Presently the application uses a single background thread and asynchronous socket I/O to implement FTP and HTTP clients in a single switch statement (2000 lines and 100 cases just for the switch statement).
We need to be able to handle 4000 FTP/HTTP servers simultaneously (worst case).
I was going to rewrite this using synchonous socket I/O and lots of threads but I hear that this does not scale well.
Since this is presently a windows app, I was going to use BindIoCompletionCallback thinking that Microsoft implemented this function because they could do it more efficiently than I can (perhaps it is implemented in the kernel?). BindIoCompletion is a function that accepts a socket handle and a function pointer and automagically grabs a thread from a automagically managed thread queue and has the thread execute it when the I/O is complete.
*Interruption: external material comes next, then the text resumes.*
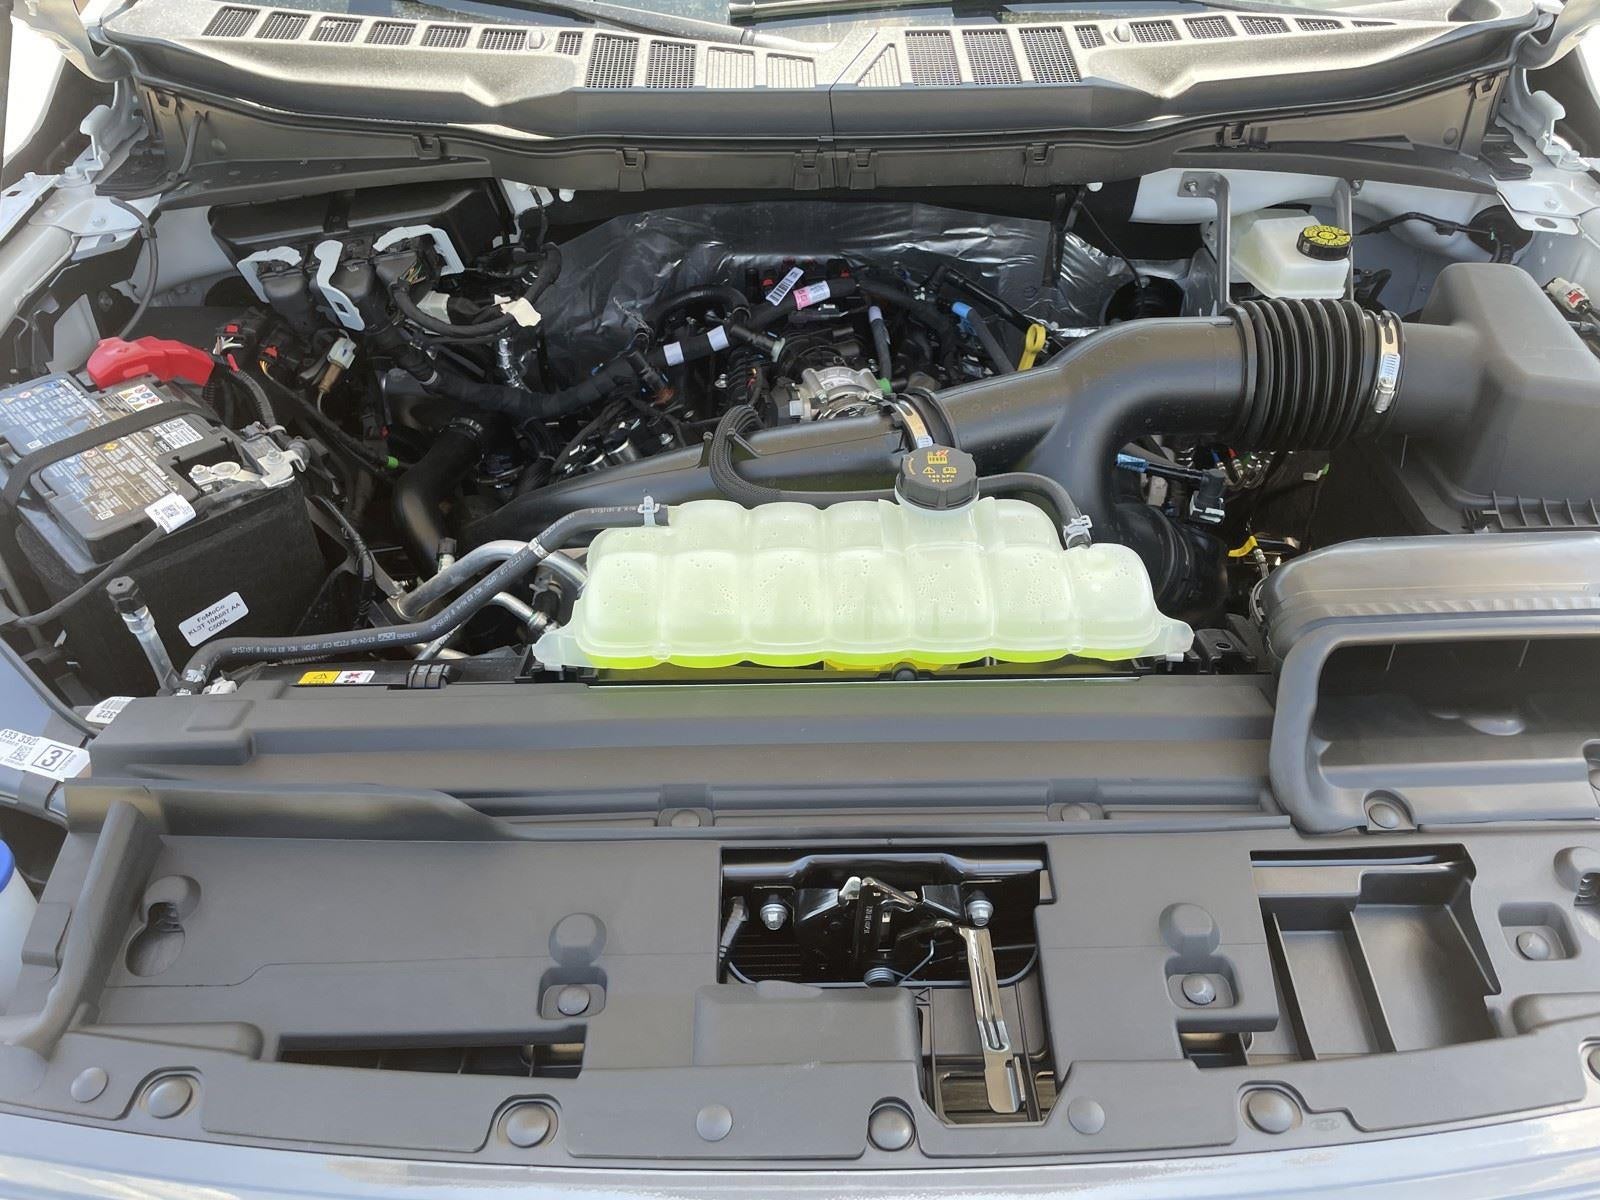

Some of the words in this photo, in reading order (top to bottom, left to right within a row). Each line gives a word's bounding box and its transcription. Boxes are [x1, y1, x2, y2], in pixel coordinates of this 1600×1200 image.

[197, 604, 225, 622] FoMoCo
[231, 602, 241, 610] AA
[41, 749, 63, 767] 3
Does the Linux/UNIX API have anything similar to this?
What is the recommmended approach in Linux/UNIX?
(1) A single thread and Async I/O
(2) Lots of threads and synch I/O?
(3) A few threads and async I/O?
Your main limit will be the number of file descriptors per process. If a process can only have 256 then you may only be able to have around 250 clients max with a few other fds doing other things (like stdio, listen/accept)
Don't use SIGIO, it's a pain to get right and you end up having to call select anyway.
Write a single threaded application that uses select to handle multiple connections, but run a number of copies and each have a listener bound to the same port (SO_REUSEADDR).
Use non-blocking IO so you never sit waiting for send/receive.